On Tuesday, the toymaker announced that Jørgen Vig Knudstorp would be stepping down from his role as chief executive officer, after taking on the position back in 2004.

Core business based around the brick

Around the turn of the millennium, shortly before Knudstorp became Lego’s boss, the toymaker was facing its “most serious financial crisis to date” with the industry having to grapple with new consumer tastes, challenging market conditions and intense price competition.

Over-diversification and moving away from its core element—that of the physical brick—was seen by many as a key attribute of why Lego had the financial problems it did back in the early 2000s.

However, more than a decade later, the brand is stronger than ever and is seen as one of the biggest toymakers by revenues worldwide; having achieved 35.8 billion Danish crowns ($5.16 billion) in overall revenue for 2015 — all of which was done under the helm of Knudstorp, his team and their restructuring plan.

For Padda, who at present is the Lego Group’s Chief Operations Officer, he intends to keep the core values of Lego and its brick during his time as CEO, adding that Lego’s connected brands and tie ins with popular franchises such as Star Wars, help complement the business’ core value of the physical brick.

“The core of our business is based around the brick.
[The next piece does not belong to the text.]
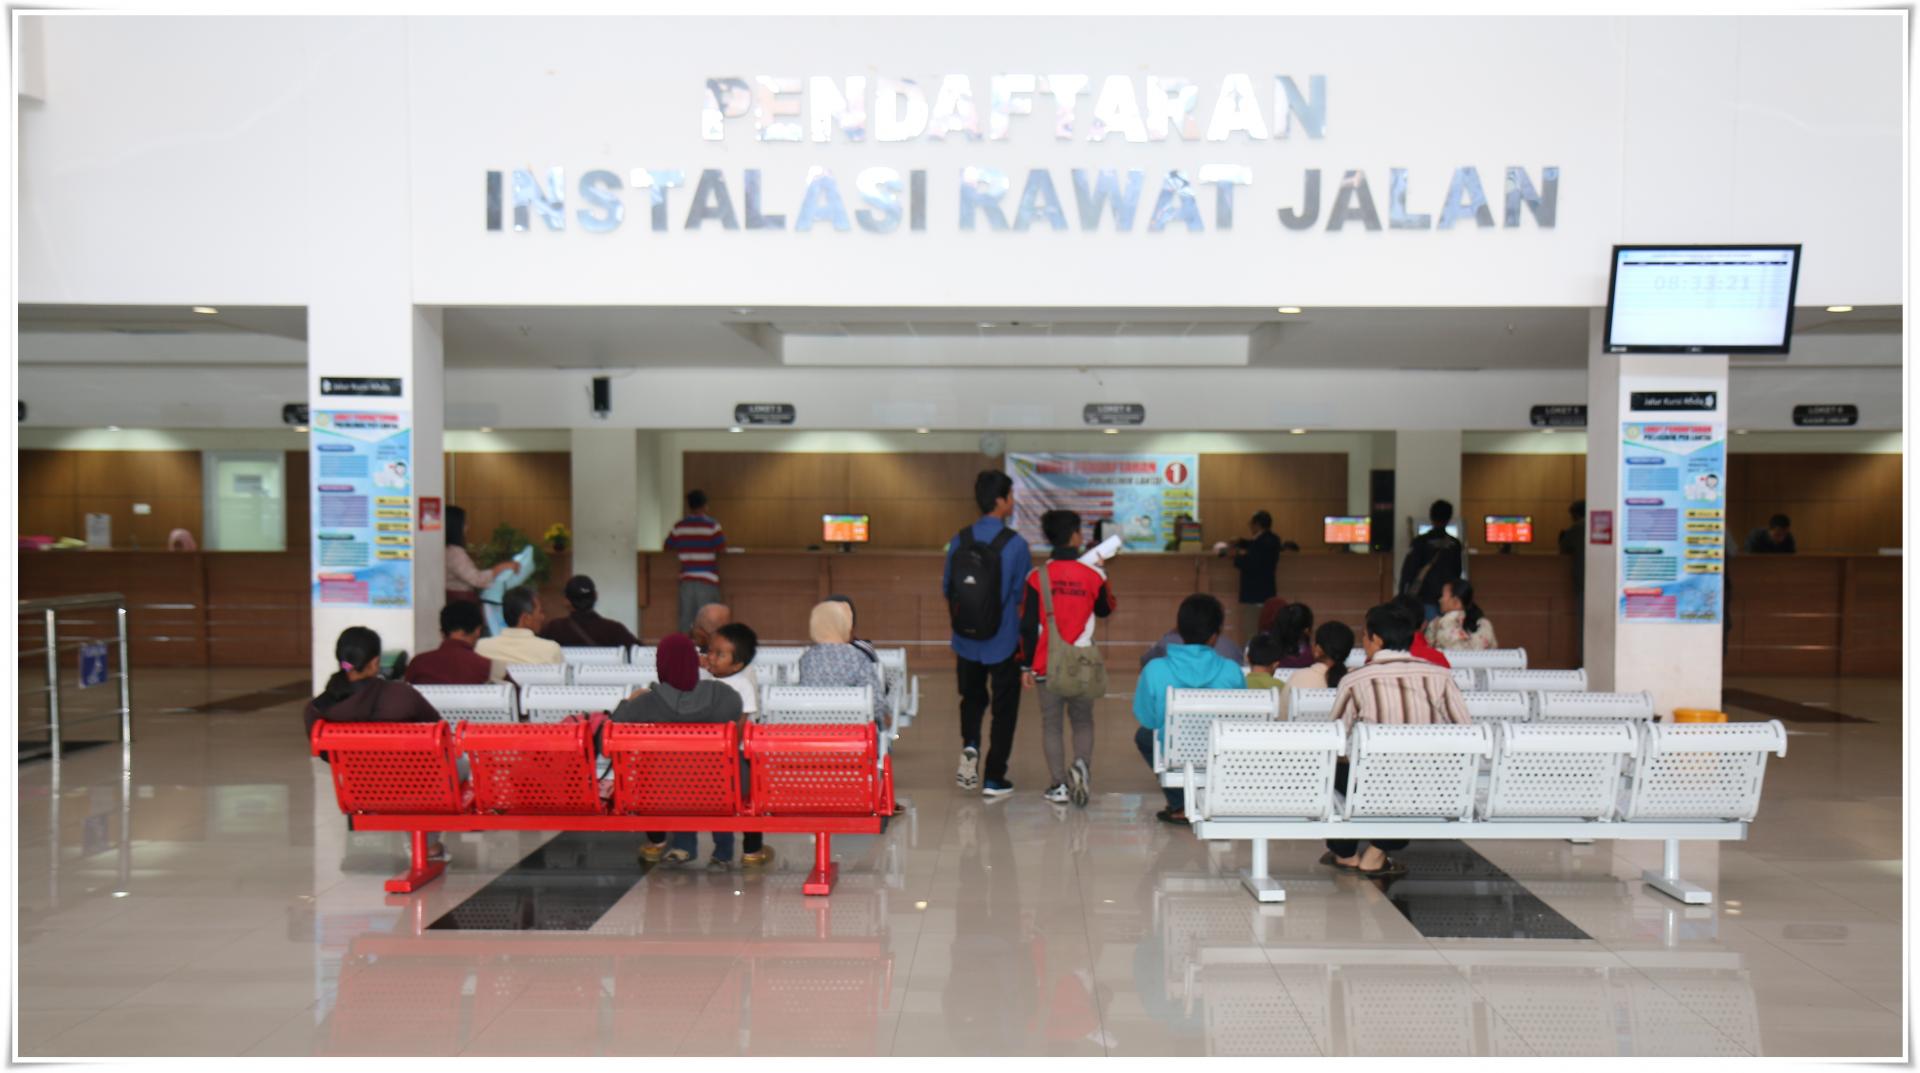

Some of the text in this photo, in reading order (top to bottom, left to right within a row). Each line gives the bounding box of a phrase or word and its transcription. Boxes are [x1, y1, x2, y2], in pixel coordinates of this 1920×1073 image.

[703, 73, 1328, 142] PENDAFTARAN
[486, 163, 1560, 232] INSTALASI RAWAT JALAN
[1171, 463, 1182, 484] 1
It helps the children both from a creative point of view and also from a logical thinking point of view.”

“For us it’s very important that we reach as many children across the world as we can, and for me the induction into Lego was all about these bricks — what a powerful material this is and what this can do to children,” said Padda.

“So my focus would be to continue to build the brick business, and (look at) how we can take it as a business further and further as we go along, and at the same time look at the movie business, look at the games business and see what can be done to help augment the brand and continue to leverage it.”

Even when it comes to the current political uncertainty seen across the globe and the concerns over future trading operations, Padda said the group would continue to focus on the brick and their consumers, but would address these business issues when they unfolded.

When discussing Padda’s new position, Knudstorp said in a statement that he had learnt a lot from Padda’s “great leadership and execution”, which the incoming CEO had displayed throughout his career at Lego.

“I have worked closely with Bali for many years and I am confident that we will continue to build on that close collaboration in our new roles,” Knudstorp added.

Knudstorp will not be leaving the company, but rather heading up the group’s new entity, the Lego Brand Group. Bali Padda is set to take on the new executive role on January 1, 2017.